Start of Input data
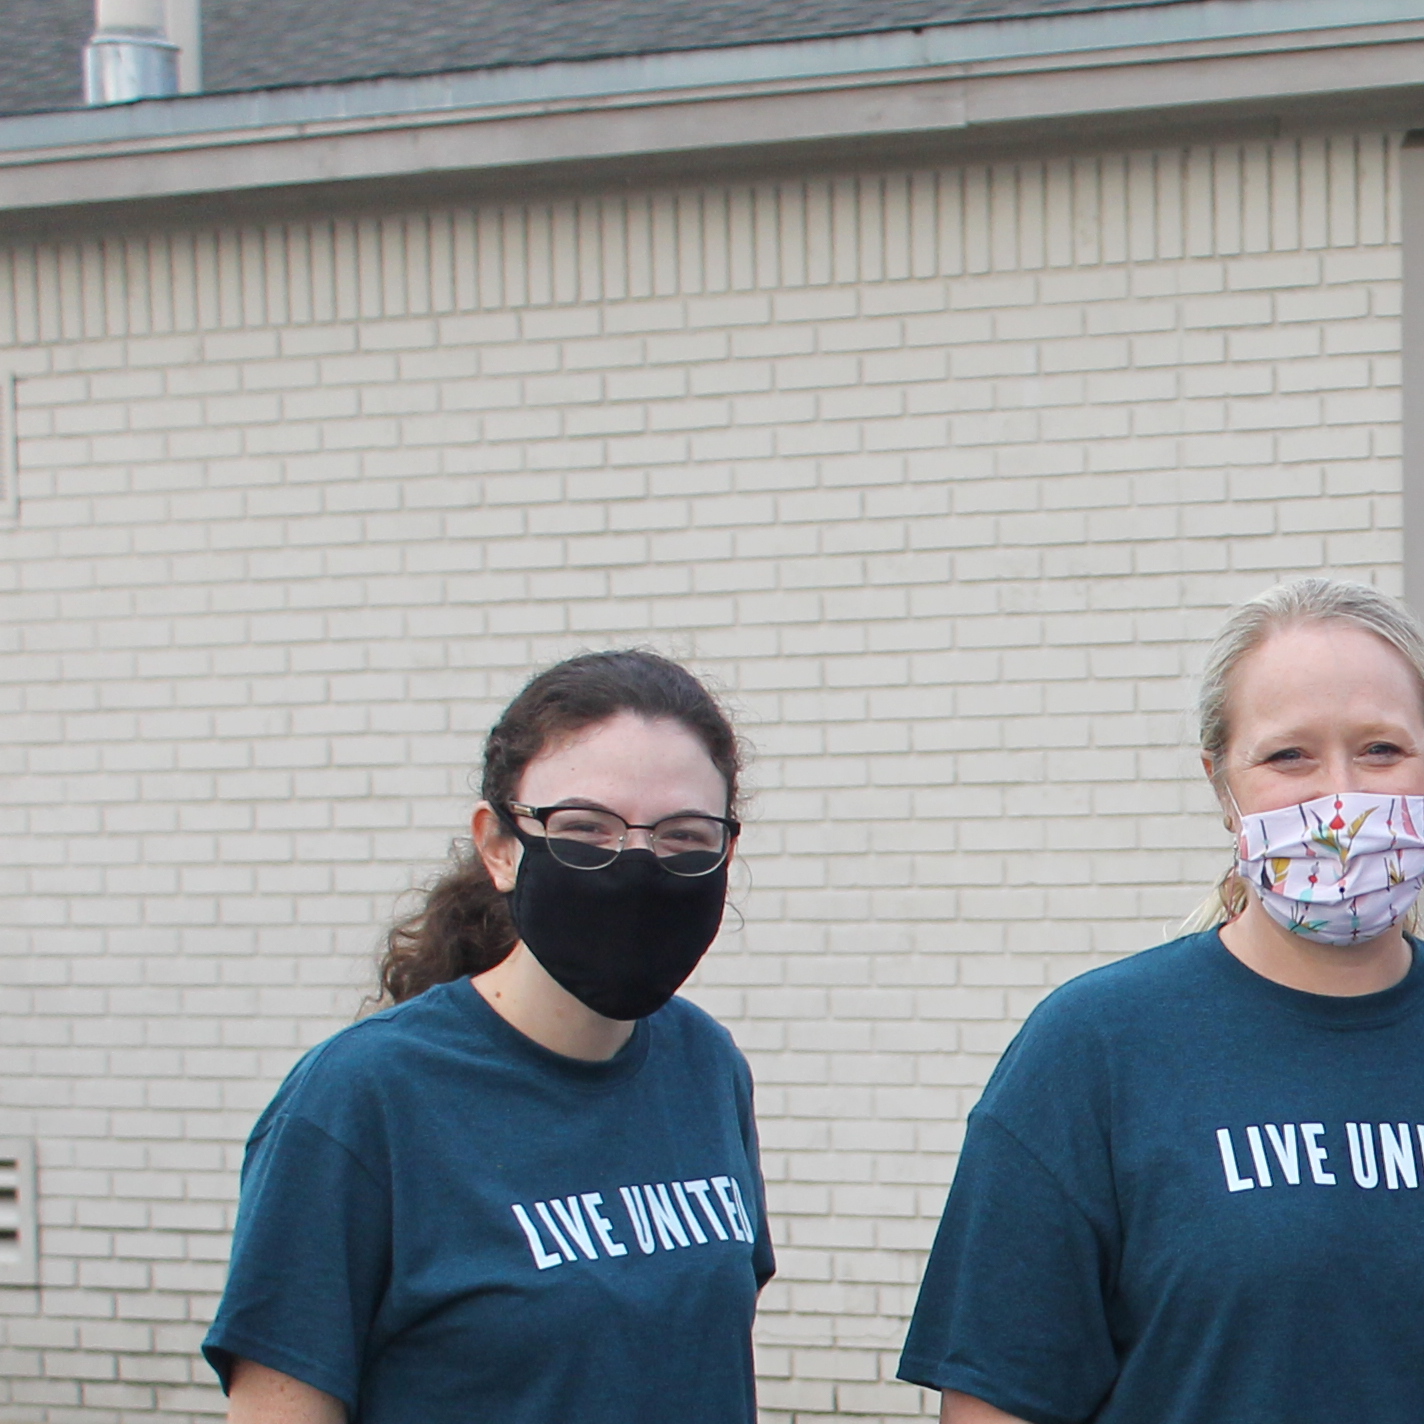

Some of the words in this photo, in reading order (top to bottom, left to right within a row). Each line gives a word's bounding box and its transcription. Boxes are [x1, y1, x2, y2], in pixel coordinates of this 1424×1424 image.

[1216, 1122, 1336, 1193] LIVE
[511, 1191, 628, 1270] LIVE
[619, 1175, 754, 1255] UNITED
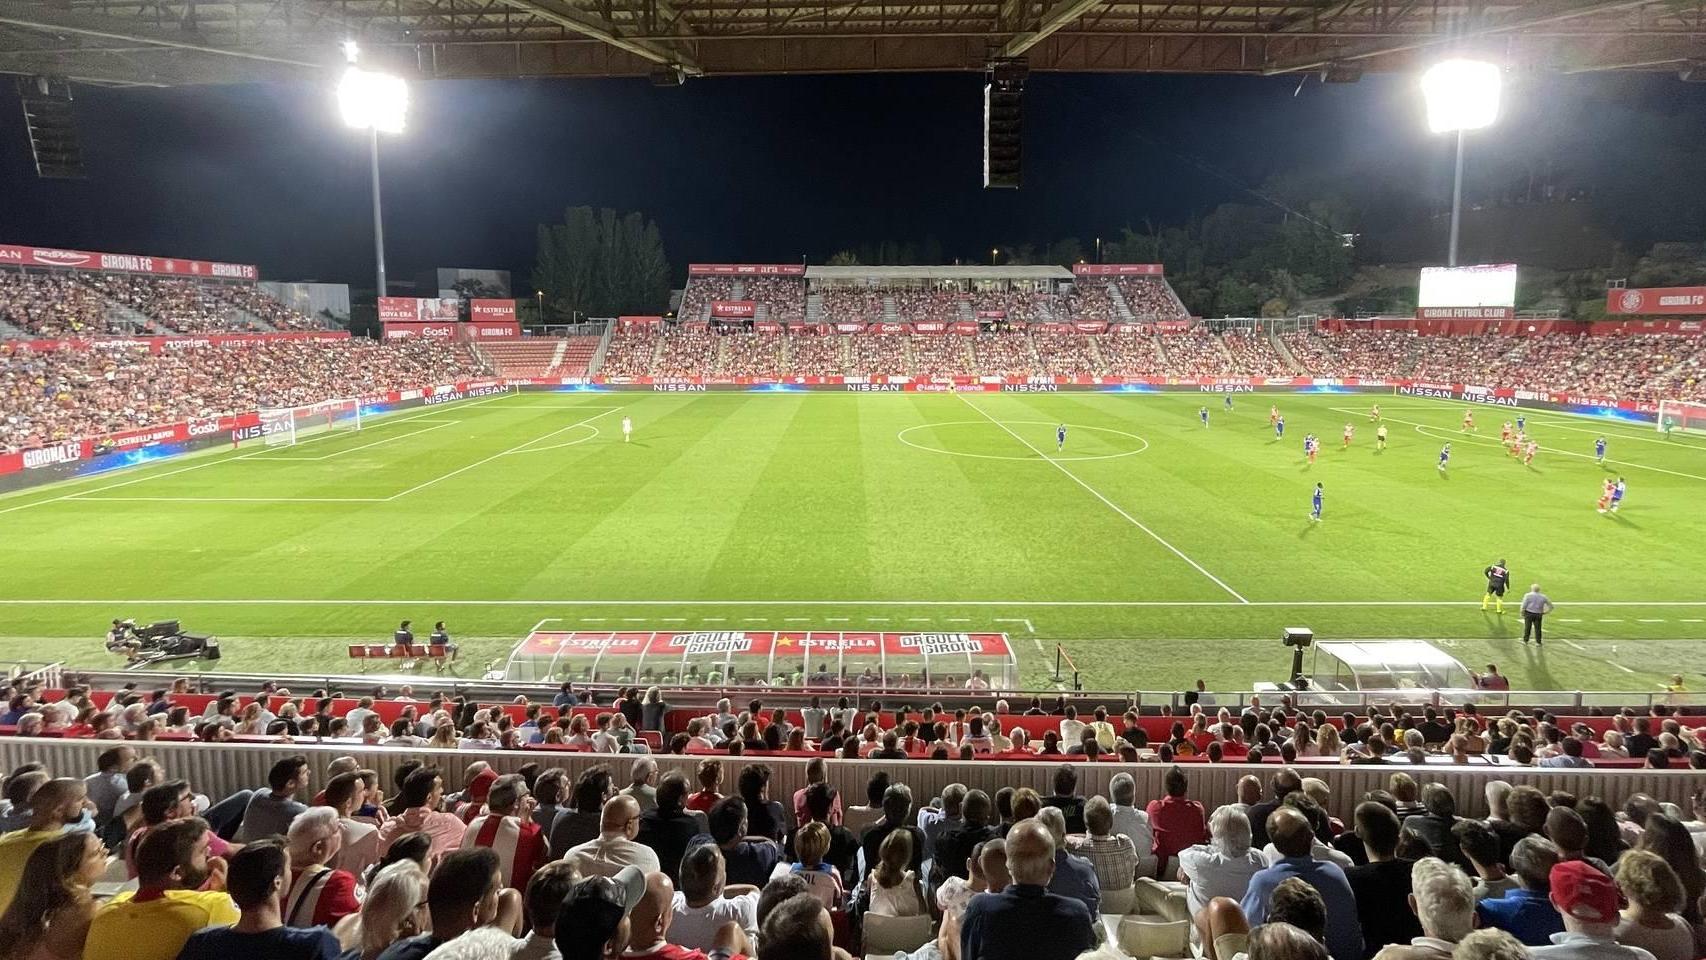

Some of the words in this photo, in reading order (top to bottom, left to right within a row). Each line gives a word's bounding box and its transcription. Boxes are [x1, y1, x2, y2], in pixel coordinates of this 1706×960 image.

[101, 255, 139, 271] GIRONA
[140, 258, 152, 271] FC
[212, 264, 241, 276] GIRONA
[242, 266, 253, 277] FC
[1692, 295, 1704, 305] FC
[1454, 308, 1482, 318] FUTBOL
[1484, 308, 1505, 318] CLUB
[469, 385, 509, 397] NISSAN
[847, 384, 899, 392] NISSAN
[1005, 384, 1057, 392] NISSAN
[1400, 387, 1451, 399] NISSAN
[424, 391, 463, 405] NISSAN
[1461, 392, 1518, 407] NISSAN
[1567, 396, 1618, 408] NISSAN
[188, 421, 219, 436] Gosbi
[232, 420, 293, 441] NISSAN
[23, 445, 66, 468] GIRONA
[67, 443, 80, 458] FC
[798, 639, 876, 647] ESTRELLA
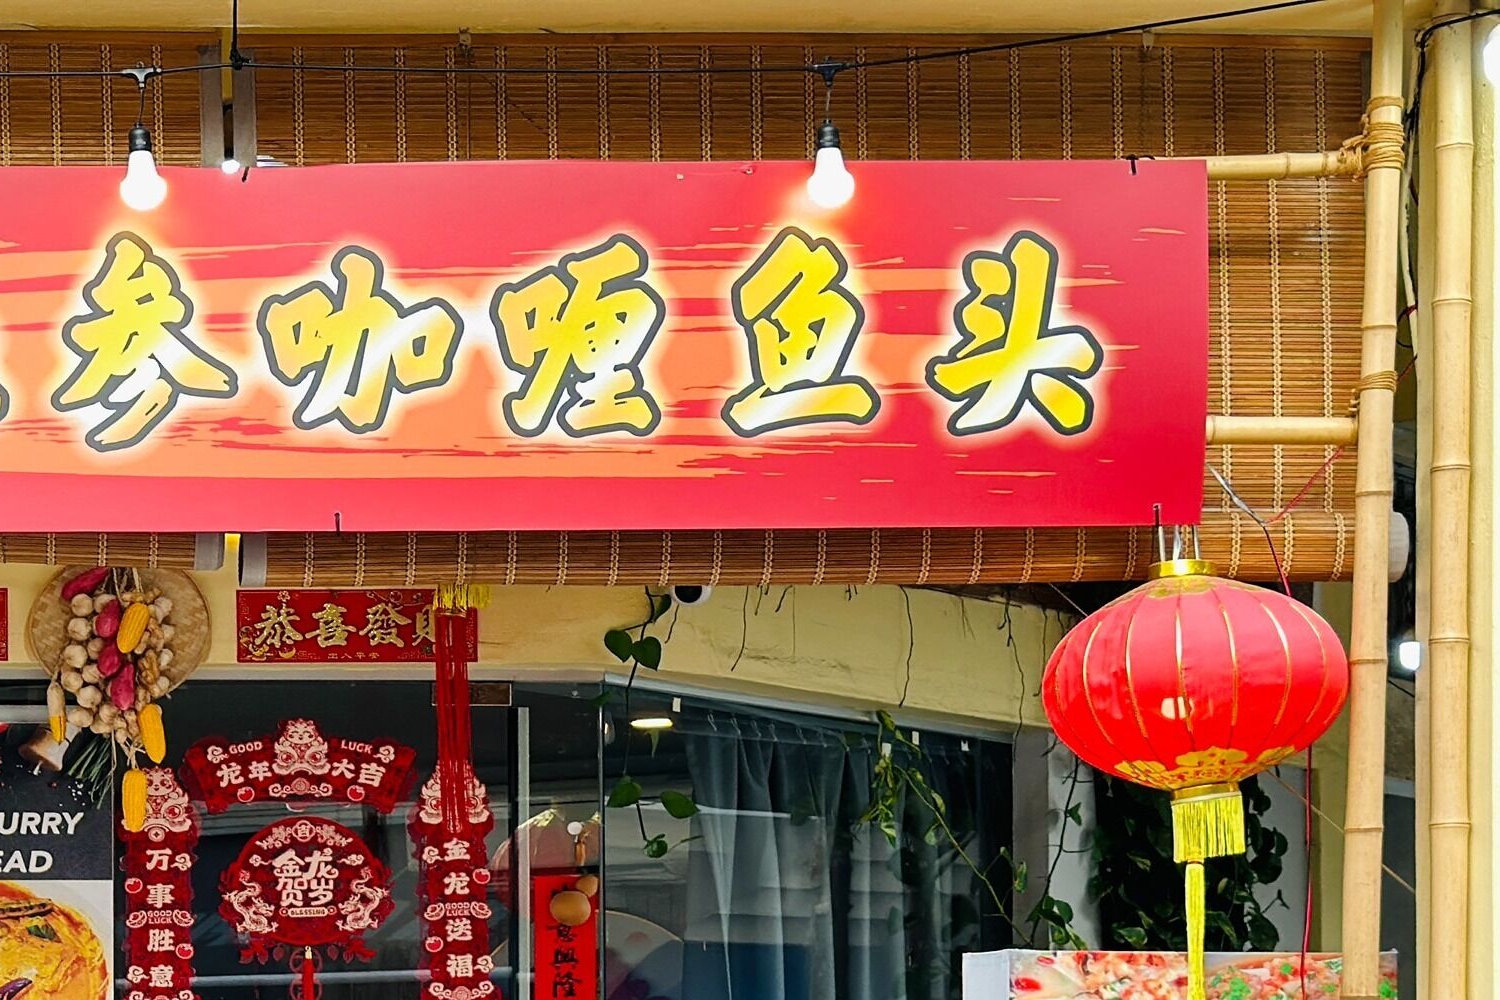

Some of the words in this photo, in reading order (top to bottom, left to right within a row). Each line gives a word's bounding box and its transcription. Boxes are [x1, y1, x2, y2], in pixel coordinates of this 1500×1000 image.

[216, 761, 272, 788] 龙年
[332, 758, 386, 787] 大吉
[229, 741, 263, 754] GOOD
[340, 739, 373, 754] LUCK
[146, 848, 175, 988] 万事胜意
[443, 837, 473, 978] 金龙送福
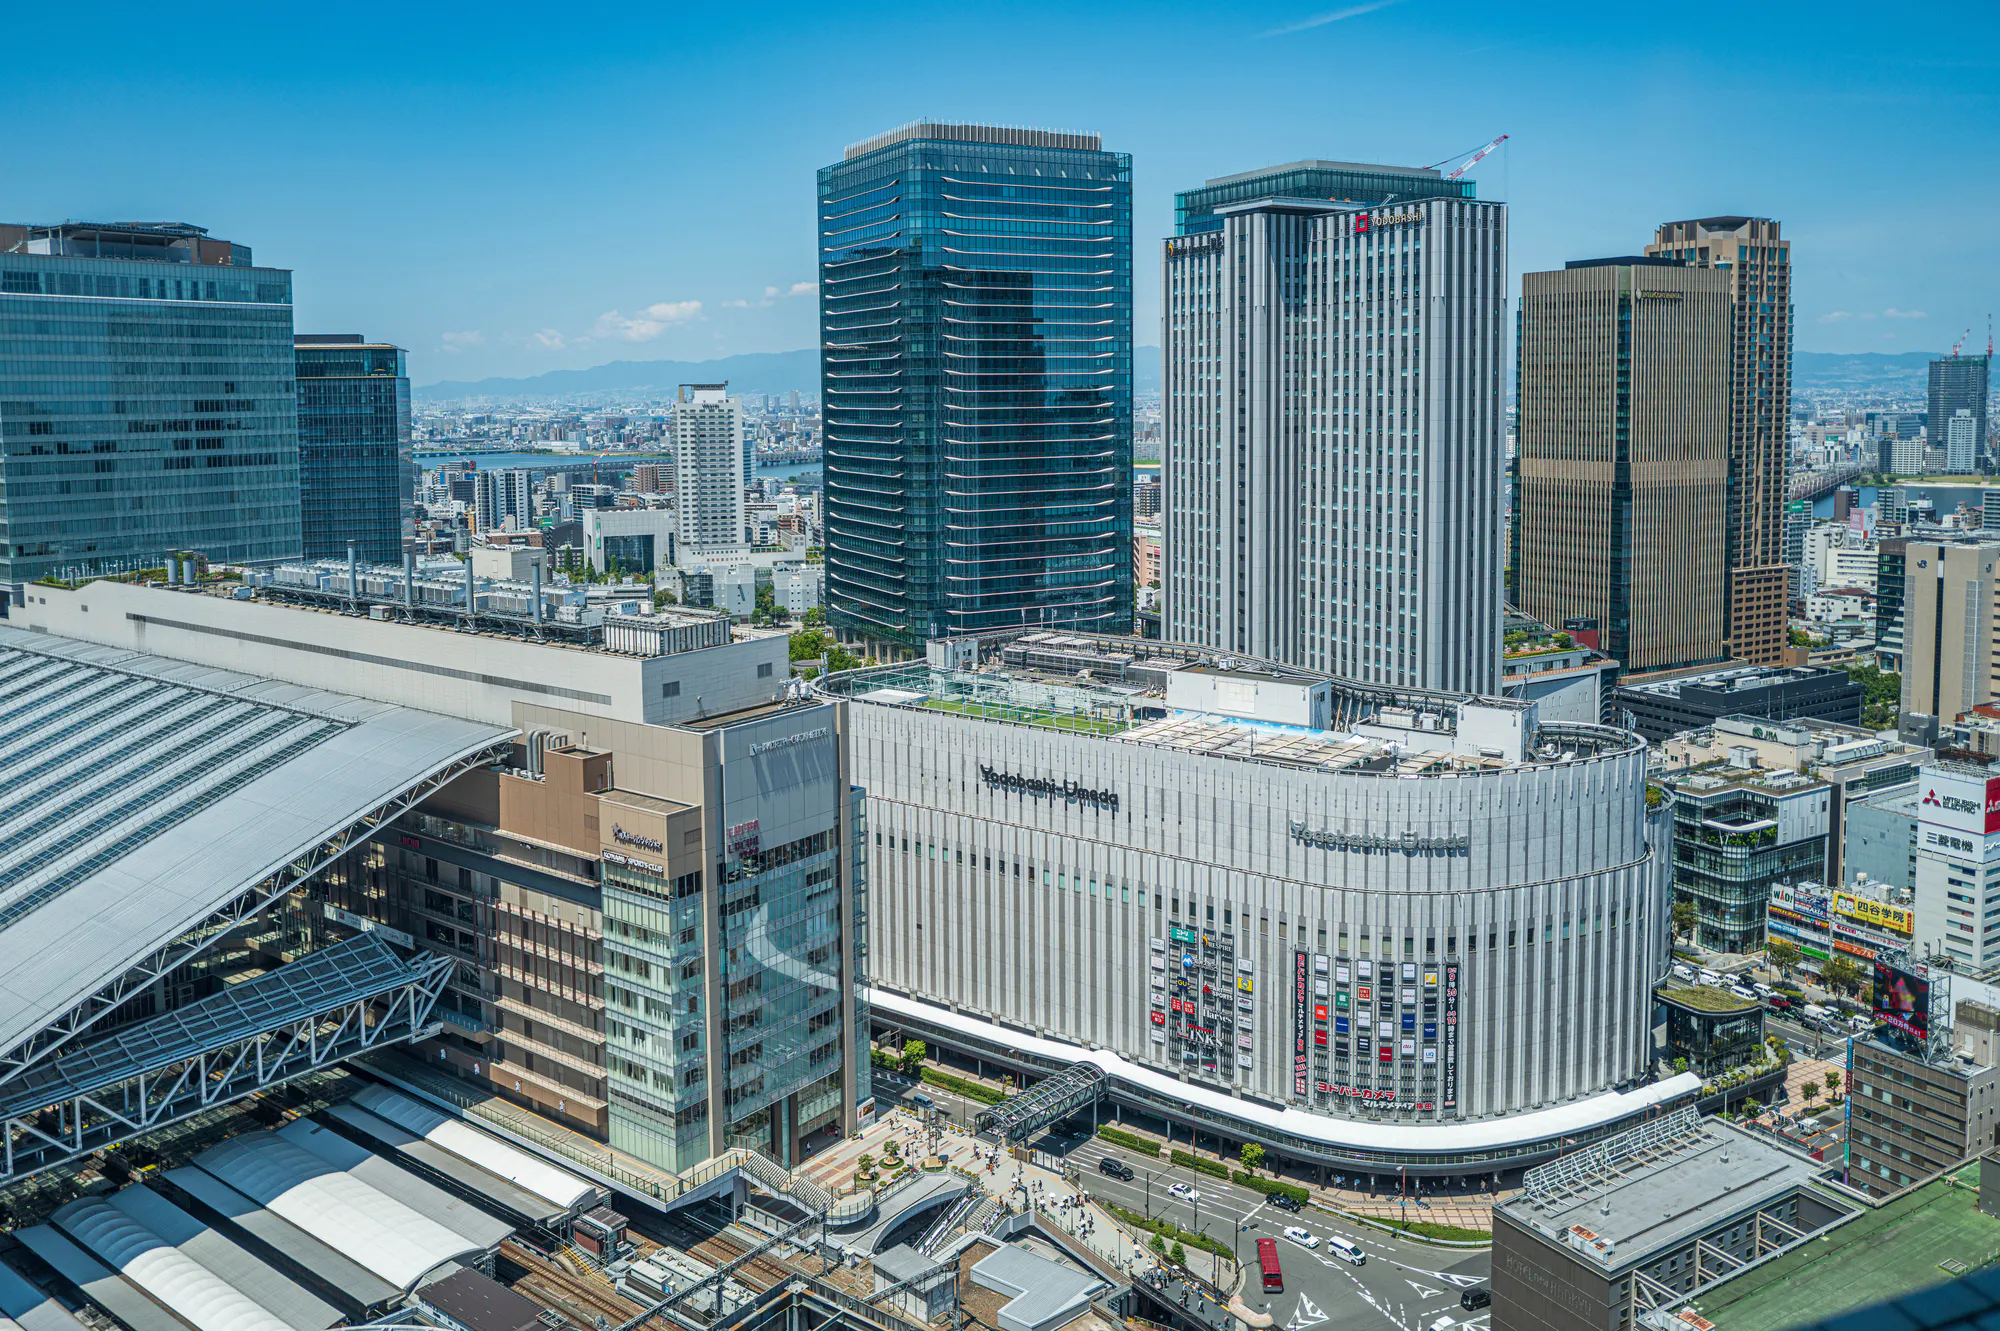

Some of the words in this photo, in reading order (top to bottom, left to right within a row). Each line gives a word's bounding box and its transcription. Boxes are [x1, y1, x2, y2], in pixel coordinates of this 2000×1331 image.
End of Input data
Needed here is only the span from the line with "this 1500×1000 image." through the last line of the entries, copied exactly with both ends and without pictures.

Some of the words in this photo, in reading order (top to bottom, left to right within a row). Each line gives a word's bounding box and its transcription. Boxes are [x1, y1, x2, y2], in pixel coordinates of this 1500×1000 image.

[216, 761, 272, 788] 龙年
[332, 758, 386, 787] 大吉
[229, 741, 263, 754] GOOD
[340, 739, 373, 754] LUCK
[146, 848, 175, 988] 万事胜意
[443, 837, 473, 978] 金龙送福

Some of the words in this photo, in reading order (top to bottom, left to right within a row). Each line gives a word's bounding box and its transcription. Boxes are [x1, y1, x2, y2], in pixel coordinates of this 2000×1331 image.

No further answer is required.